The base end of a bucket cylinder 24 is swingably attached to the base end of the curved portion 21 b of the arms 21, and the front end of the bucket cylinder 24 is swingably attached to the base of the bucket 29. Therefore, when the bucket cylinder 24 is extended and contracted, the bucket 29 pivots vertically. In this case, when the bucket cylinder 24 is contracted, the bucket 29 pivots upwards and excavation work is performed, and when the bucket cylinder 24 is extended, the bucket 29 pivots downwards and soil discharge work is performed.

Next, the operator's cabin 30 provided in the shovel loader 1 is explained. The pair of arms 21 is disposed to the outside of the operator's cabin 30, which is disposed in approximately the center of the vehicle 10 in the front-rear direction, in the left-right direction. The operator's cabin 30 is box-shaped, and includes an open aperture portion 31 towards the vehicle front, a pair of side plate portions 33 extending in the front-rear direction and separated by a predetermined distance in the left-right direction, and a top plate portion 35 extending across the tops of the pair of side plate portions 33, and extending to the top portion of the rear end of the pair of side plate portions 33 to cover the top and the rear of the operator's cabin 30. A plurality of approximately rectangular shaped holes 39 is formed in the pair of side plate portions 33, so that the interior of the operator's cabin 30 and the exterior of the vehicle are linked via the holes 39.

An operator's seat 12 is disposed within the operator's cabin 30 so that an operator can sit facing towards the front of the vehicle. Also, an operating device 14 is disposed to the left and right of the operator's seat 12 for operating the loading device 20 (see FIG. 3). The operating device 14 includes a left operating lever 14 a and a right operating lever 14 b, when the left operating lever 14 a is tilted the travel device 5 operates, and when the right operating lever 14 b is tilted the arms 21 of the loader device 20 are raised or lowered and the bucket 29 carries out excavation work or soil discharge work. The operator's cabin 30 is vertically swingably attached so that it can pivot about the rear portion of the vehicle body frame 9. Therefore, if the front of the operator's cabin 30 is pulled upwards, the operator's cabin 30 can pivot upwards about the pivot connection position as center.

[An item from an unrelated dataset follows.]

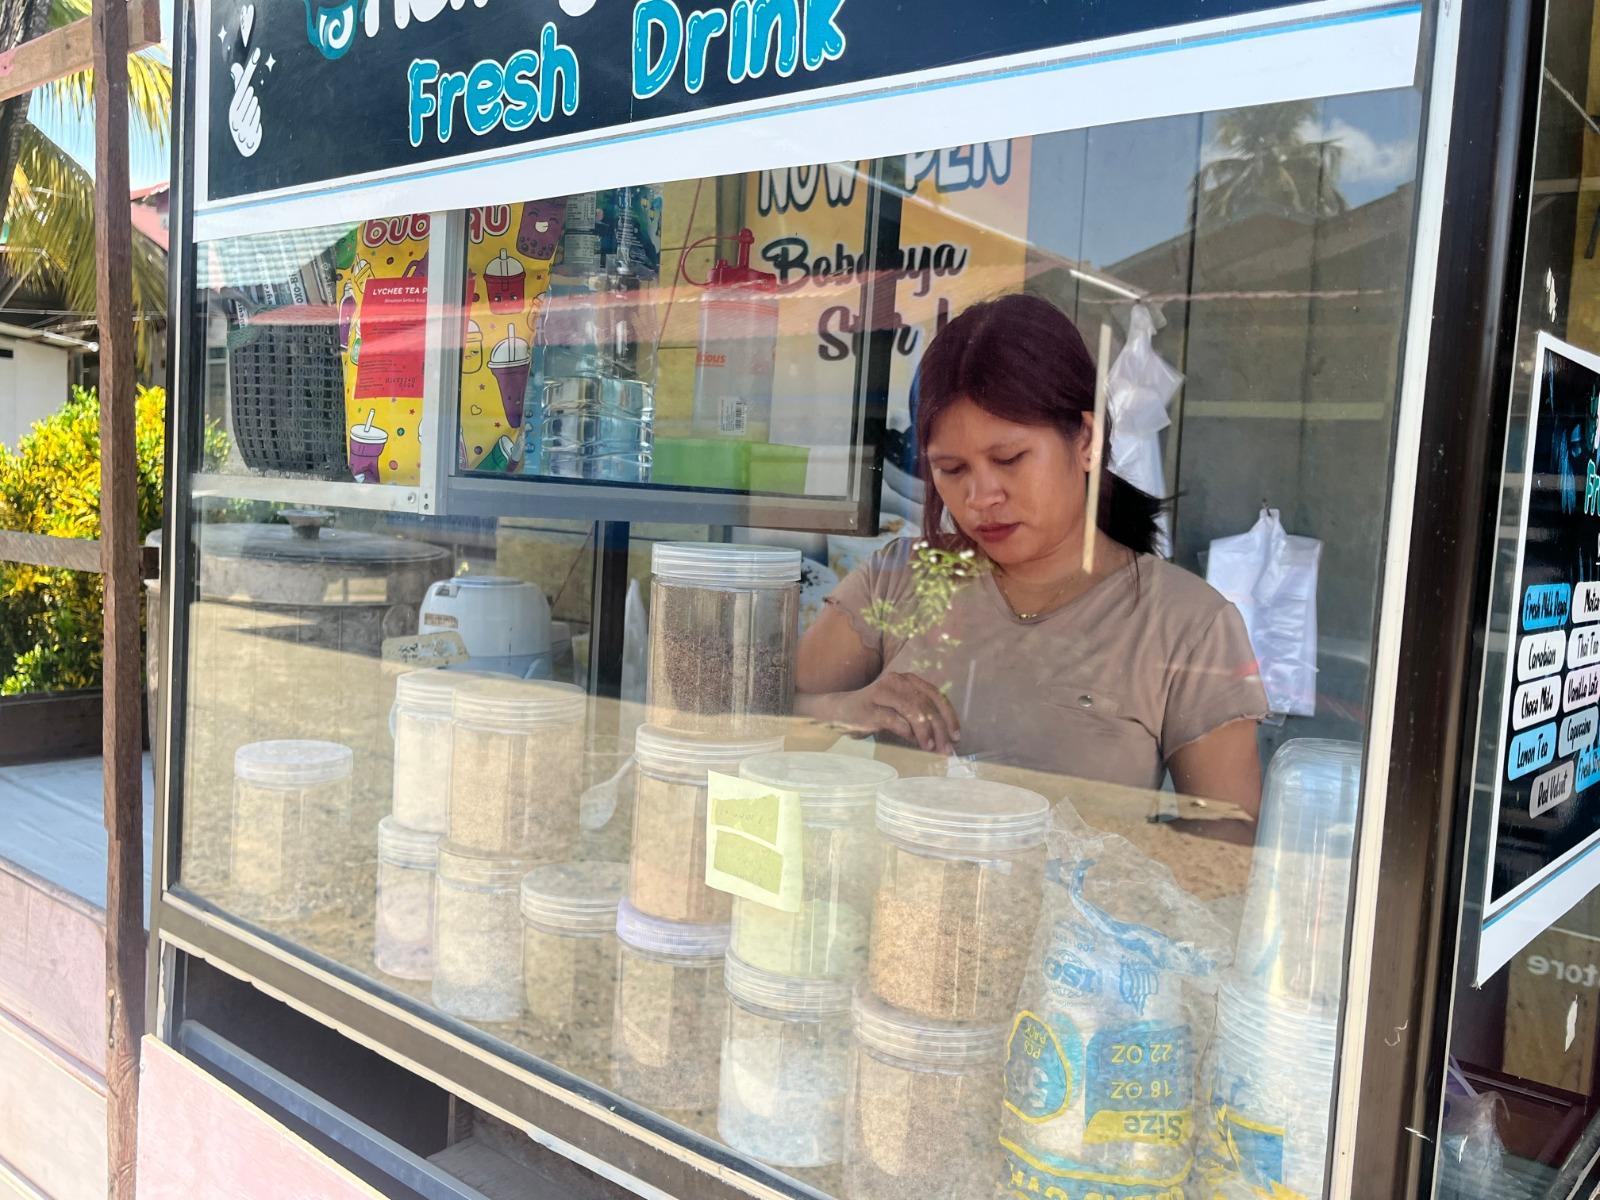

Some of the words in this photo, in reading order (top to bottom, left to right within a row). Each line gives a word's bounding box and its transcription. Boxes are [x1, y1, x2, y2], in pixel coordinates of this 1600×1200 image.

When the operator's cabin 30 is pivoted upwards, a hydraulic pump 72 that is housed within the vehicle body frame 9 and is the source of power for the travel device 5 and the loader device 20, and so on, can be exposed from the top.

As shown in FIG. 4, a controller 100 provided within the vehicle body frame 9 and that controls the overall operation of the travel device 5 and the loader device 20 receives operation signals output from the operating device 14 when the operating device 14 is operated, the controller 100 outputs control signals to a hydraulic control valve 80, and the hydraulic control valve 80 controls the supply and discharge of hydraulic oil to the arm cylinders 23 and so on, based on the control signals from the controller 100. When control signals are output from the controller 100, the hydraulic control valve 80 controls the supply and discharge of hydraulic oil output from the hydraulic pump 72 that is driven by a motor that is supplied with electric power, and the arms 21 are raised or lowered, and the bucket 29 is operated.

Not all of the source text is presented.